Being able to accurately describe the problem from the vague concept
and propose a framework for understanding the problem
For a newcomer just getting started, maybe many of the
problems you have encountered are clear. For example, in the next year, which
country has the most potential for user growth; tablet users spend the most
time in what place. However, as your skills deepen, you will become more and
more exposed to more ambiguous problems, and sometimes even feel that the
problem itself is too virtual to start. For example, can we start to promote
this new product? How to measure whether we have achieved success?At this time,
the first point is to be able to break the problem into several specific small
problems. For the question "Can we start to promote this new
product?", we may want to know: Does the product quality itself meet the
preset standards? What is the most important use characteristic of the user in
the early stage of the product? Is it a feature that can be promoted? If we
promote the product and get the X user, how many users will be left in a few
months?
The ability to answer questions from different angles and have
trade-offs
Perhaps no one method is 100% correct or can give 100% of
the answers to the questions, but a good data analyst can give data of
different dimensions, sum up the stories and give the most likely
answers.Continuing with the previous example, what are the most important features
of the user in the early stage of the product? Is it a feature that can be
promoted?In addition to looking at the user's usage data for this product, you
may want to look at the user's usage data in other competing products. Maybe
you want to look at some market data to determine the market size and market
demand. Maybe you want to look at the user itself. Attributes (age, education,
gender, place of residence or main social circle), maybe also want to see the
changes after the user uses the product...There are so many things you can see,
and it's easy to get lost in an endless curve. But what are the most important
ones?
Believe in intuition, but not blindly believe; before data analysis,
dare to make their own guesses, but objectively accept the various
possibilities presented by the data, and rationally
choose the most likely
outcome
I have encountered a lot of data analysis that I
deliberately pieced together to tell a story. In this case, I am always angry.

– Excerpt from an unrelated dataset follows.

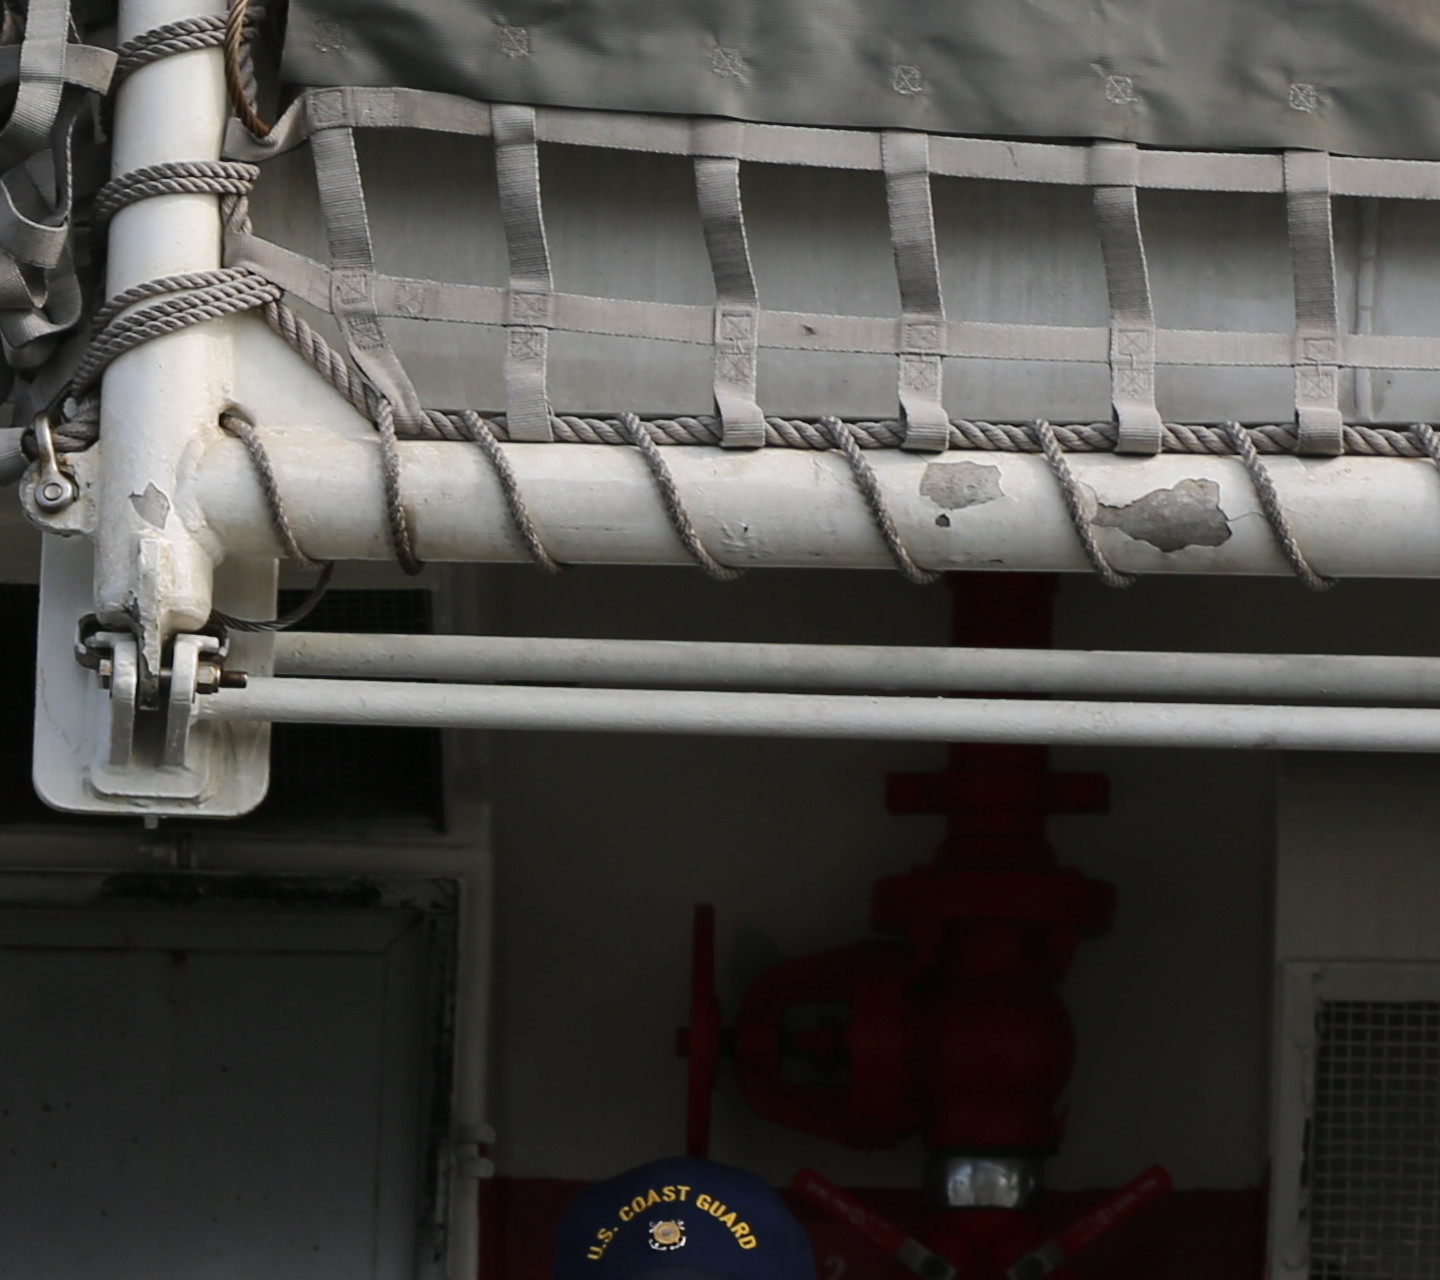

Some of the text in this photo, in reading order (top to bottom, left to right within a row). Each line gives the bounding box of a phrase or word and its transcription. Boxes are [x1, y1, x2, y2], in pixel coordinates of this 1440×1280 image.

[587, 1226, 619, 1261] U.S.
[619, 1184, 691, 1221] COAST
[695, 1194, 758, 1250] GUARD

If you have determined that Product A will be better than Product B, why do you
have to do everything possible to prove this with data? The goal of data
analysis is to let you rationally compare A and B to help you make the right
choices, rather than letting you affirm your guess and persuading others to
follow you. The latter is just one result of data analysis
In the era of big data, what occupations are more popular?
The answer can be found in this year's list of school salary recruits –
algorithmic engineers, artificial intelligence researchers, data analysis and
other positions. In fact, there is a certain intersection between these
positions, that is, a large amount of data needs to be processed, especially as
a data scientist. The main work is on processing data and analyzing data, and
some work overlaps with algorithm engineers and artificial intelligence
researchers. Its advantage is that it is more sensitive to data. So what are
the skills that should be available as a data scientist? This article will give
a glimpse of what.
Academic
data scientists generally have a high degree of
education - 88% of data scientists are at least master's degree, 46% of data
scientists are doctorates, which indicates that wanting to become a data
scientist requires a very good educational background (knowledge understanding
). Common majors are computer science, social sciences, physical sciences, and
statistics. The most common areas of research are mathematics and statistics
(32%), followed by computer science (19%) and engineering applications (16%).
The expertise you've learned while pursuing these degrees will provide you with
the skills you need to process and analyze big data. Can you sit back and relax after you
have earned your degree? The answer is no, now is the era of lifelong learning.
In fact, most data scientists continue to use online training to learn how to
use special skills such as Hadoop or big data queries after they have a
master's or doctoral degree.
R programming language
For data scientists,
the R language is usually the preferred programming language. The R language is
specifically designed for data science needs, and the R language can be used to
solve any problems encountered in data science. In fact, 43% of data scientists
are using the R language to solve statistical problems. But there is a hindrance when learning
R language, that is, if you have mastered another programming language, it is
very painful to learn. Despite this, there are many R language learning
resources on the Internet, such as Simplilearn's data science training and R
programming language . Technical Skills: Computer Science
Python Programming
The Python language
has been very popular lately. With the development of artificial intelligence
and deep learning, Python has surpassed the Java language to become the most
commonly used language in programming. Python is also a common coding language
in data science. According to the survey, 40% of respondents use Python as
their main programming language.
Because of the versatility of Python, it can be used for all steps
involved in the data science process. For example, Python can use data in a
variety of formats and can easily import SQL tables into your code. In
addition, it allows you to create data sets.